Reviewer 3 Report (New Reviewer)
The paper presents a new solution to detect small objects from aerial images. The contribution consists of developing three modules to optimize the object detection process using attention: the Attention-based Feature Alignment FPN Module, Polarization Hybrid Domain Attention Module), and Rotation Branch. The paper presents a very interesting approach, but there are several issues to clarify and improve.
First, there is a need for extensive proofreading because there are several language errors to fix, although the overall flow of the paper reads fine.
From a technical perspective, here are the issues and concerns to consider.
- In the related works, the authors should add a summary table to make a qualitative comparison between related research, categorize them, and mention techniques used in other papers and how they differ from those used in this paper.
- In figure 1, it is unclear whether the modules execute in a cascade from left to right or RESNET runs in parallel with AFA-FPN. The relation between the two modules is not explained. RESNET performs classification, and it is not clear where the object detection module is. It seems RESNET is used for feature extraction, but the relation between colored layers should be explained.
- In Section 3.1, the authors presented the Attention-based Feature Alignment FPN Module. The idea seems interesting, but there are some ambiguous issues. Figure 2 shows no clear evidence of why the position attention module can be achieved with 1x1 convolution followed by GAP and Sigmoid. The text's explanation is unclear as the authors mentioned computing the position weight through GAP. How and which position is extracted for the image? Is the object detected at this stage of the module? Same thing for the upsampling clarification module. Basically, I have a problem with names assigned to the module and how they relate to the conv operations.
- Also, what is the logic behind using elementwise multiplication inside the position attention?
- Why not use elementwise multiplication instead of sum and vice-versa? What would be the impact on the AFA-FPN module? This will improve the understanding of the logic behind the module's design.
- In Figure 4, the authors used a branch with MP and AP and another with GMP and GAP. The authors should explain the relation between the pooling technique used and the type of attention associated with it, either channel or position. This relation is not clear.
- Figure 3 provides a good illustration of the process. The authors need to describe each feature map and how it relates to the designed attention module.
- There is a need to put the dimensions of the inputs and features maps at each layer in Figure 2, Figure 3, and Figure 4.

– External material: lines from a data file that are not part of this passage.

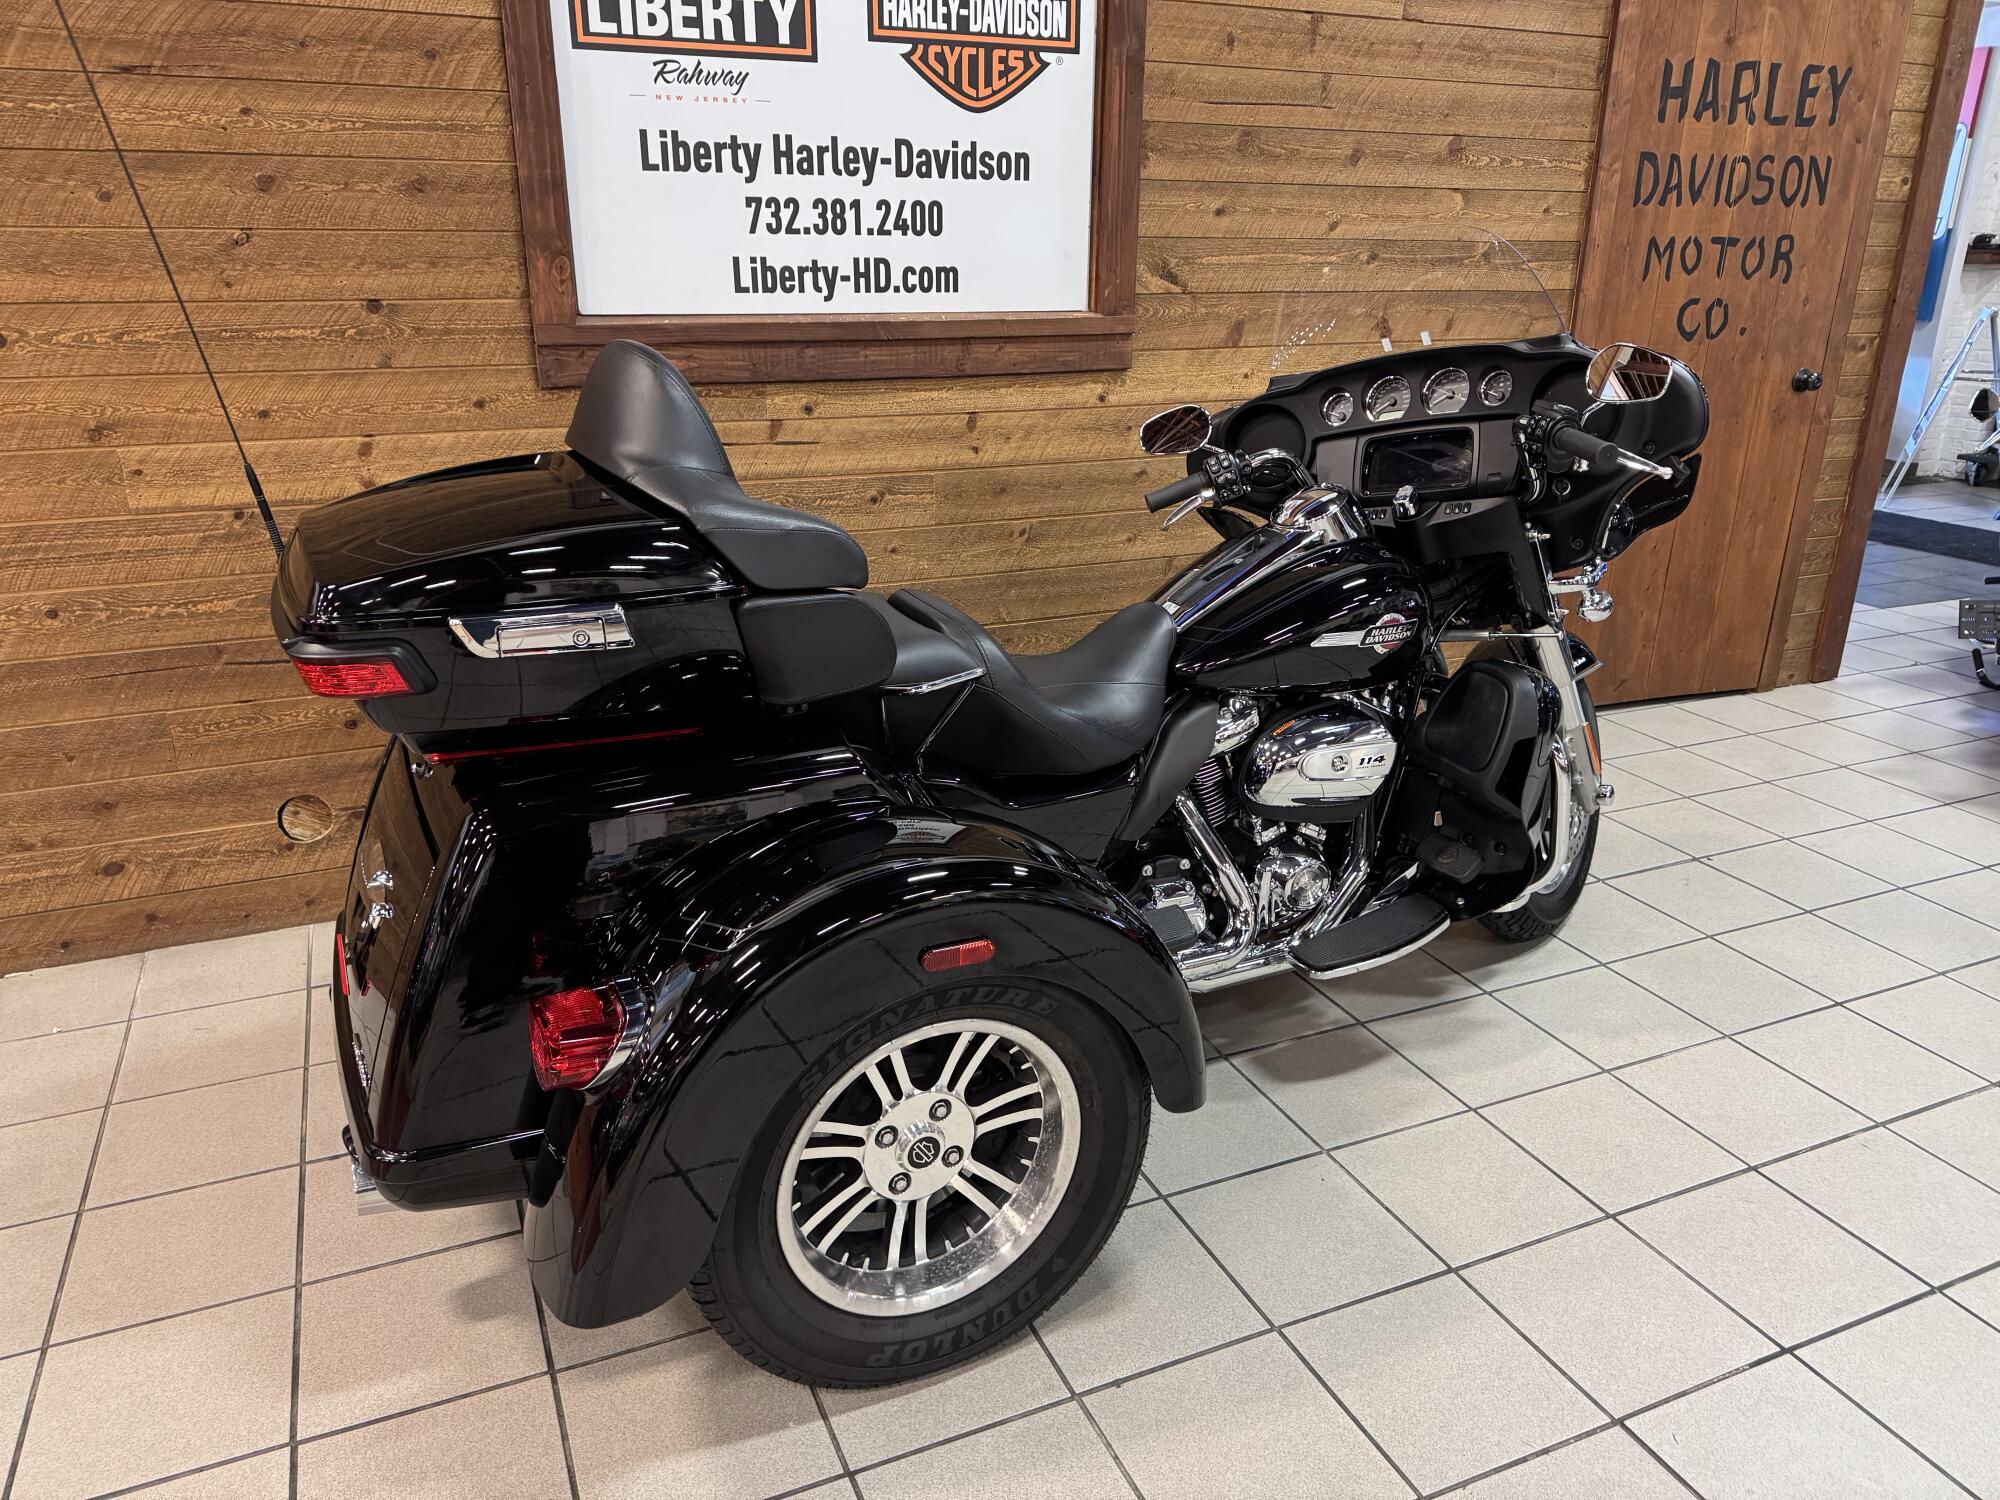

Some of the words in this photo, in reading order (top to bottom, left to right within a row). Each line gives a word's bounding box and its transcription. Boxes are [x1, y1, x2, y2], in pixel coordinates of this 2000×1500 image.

[588, 0, 799, 45] LIBERTY
[883, 0, 1067, 38] HARLEY-DAVIDSON
[653, 59, 749, 95] Rahway
[927, 44, 1024, 97] CYCLES
[1657, 56, 1853, 127] HARLEY
[639, 129, 761, 183] Liberty
[773, 134, 1030, 186] Harley-Davidson
[1632, 151, 1833, 208] DAVIDSON
[745, 196, 944, 237] 732.381.2400
[733, 256, 959, 302] Liberty-HD.com
[1642, 234, 1795, 284] MOTOR
[1676, 297, 1748, 342] CO.
[1364, 630, 1412, 643] DAVIDSON
[1371, 623, 1412, 636] HARLEY
[1359, 755, 1386, 766] 114
[866, 1276, 1043, 1368] DUNLOP

- The experimental evaluation section presents a comparison between the baseline network and a combination of the different modules. This is good. However, the authors compared some SOTA techniques for small object detection. However, there is no comparison with traditional techniques such as Yolo (v4 and v7). A comparison with Yolov4/7 is needed in accuracy and FPS to see how the new methods improve over Yolo.
Author Response
Response to Reviewer 3 Comments
Point 1: First, there is a need for extensive proofreading because there are several language errors to fix, although the overall flow of the paper reads fine.

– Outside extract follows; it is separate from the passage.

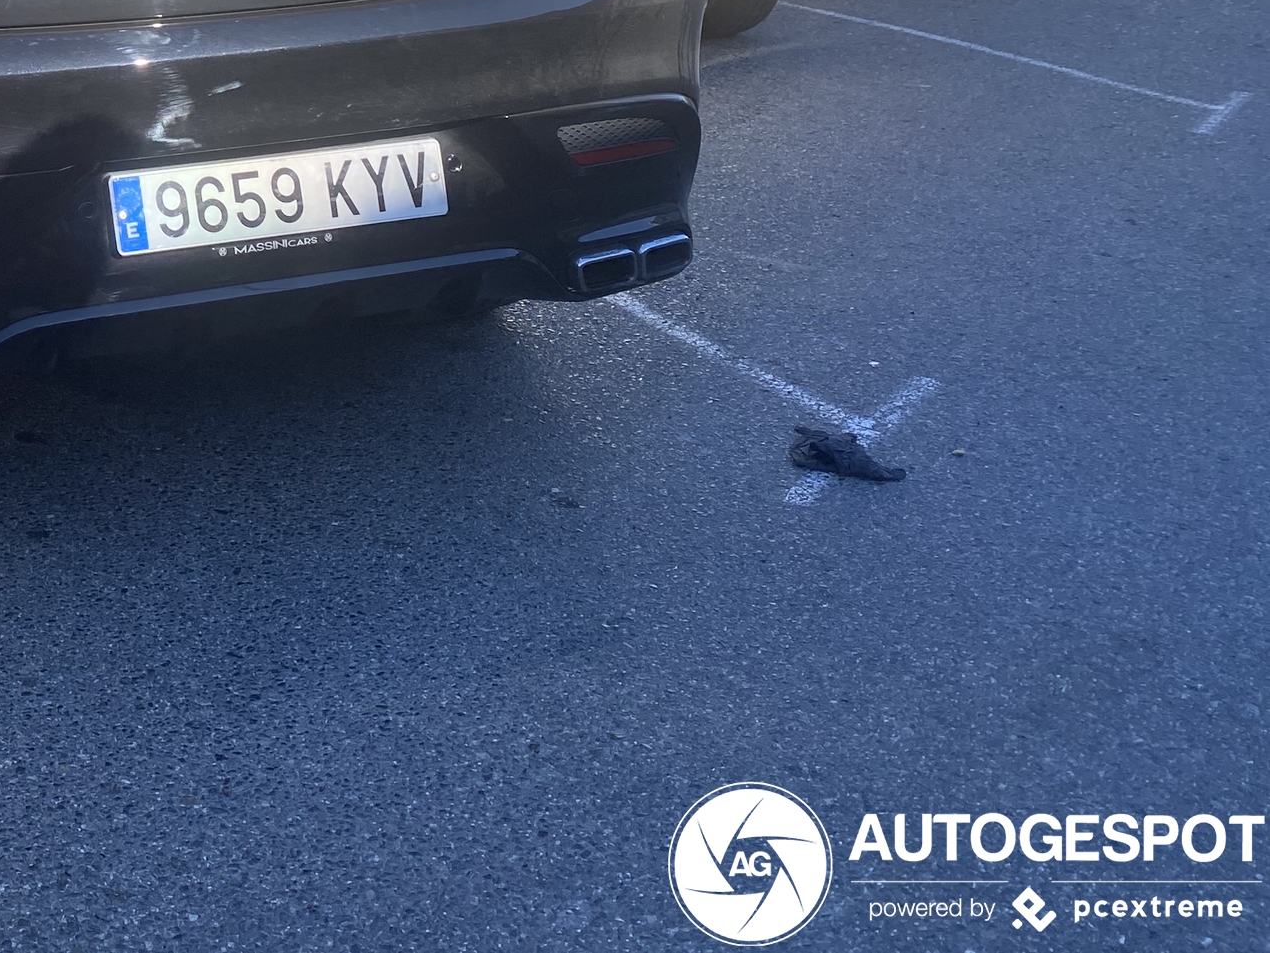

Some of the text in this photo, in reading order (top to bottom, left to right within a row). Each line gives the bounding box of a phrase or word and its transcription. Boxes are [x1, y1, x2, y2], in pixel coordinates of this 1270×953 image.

Response 1: We have made language changes to the article, hoping to meet your requirements. The editorial certificate is shown in attached file.
Point 2: In the related works, the authors should add a summary table to make a qualitative comparison between related research, categorize them, and mention techniques used in other papers and how they differ from those used in this paper.
Response 2: We also think that a summary table can make readers understand the related algorithms more intuitively, and we have added a summary table at the end of the related work.
Point 3: In figure 1, it is unclear whether the modules execute in a cascade from left to right or RESNET runs in parallel with AFA-FPN. The relation between the two modules is not explained. RESNET performs classification, and it is not clear where the object detection module is. It seems RESNET is used for feature extraction, but the relation between colored layers should be explained.
Response 3: The arrow in figure 1 indicates that the modules are cascaded from left to right, instead of running in parallel. RESNET is to extract features, AFA-FPN and PHDA are used to process the features. Finally, the Ratation branch performs classification and regression of objects. Colored layers indicate that feature maps of the same color have the same size.
Point 4: In Section 3.1, the authors presented the Attention-based Feature Alignment FPN Module. The idea seems interesting, but there are some ambiguous issues. Figure 2 shows no clear evidence of why the position attention module can be achieved with 1x1 convolution followed by GAP and Sigmoid. The text's explanation is unclear as the authors mentioned computing the position weight through GAP. How and which position is extracted for the image? Is the object detected at this stage of the module? Same thing for the upsampling clarification module. Basically, I have a problem with names assigned to the module and how they relate to the conv operations.
Also, what is the logic behind using elementwise multiplication inside the position attention?
Why not use elementwise multiplication instead of sum and vice-versa? What would be the impact on the AFA-FPN module? This will improve the understanding of the logic behind the module's design.
Response 4: Each feature channel is related to different objects or backgrounds, with its feature activations at the corresponding position are activated. For example, if one channel is activated by the “person” class, the “person” located regions will be activated. More activated activations result in larger the GAP generated feature value, and thus the module pays more attention on this channel to hightlight these objects. That is, the resulting attention feature map focuses more on these positions of the attentioned objectt. The objects are highlighted, rather than detected at this module. That is the reason we call this module as the “position attention path” and how this module works in the model. We also follow your valuable suggestion to rename this module from “position attention module” to “object attention module” for better illustration.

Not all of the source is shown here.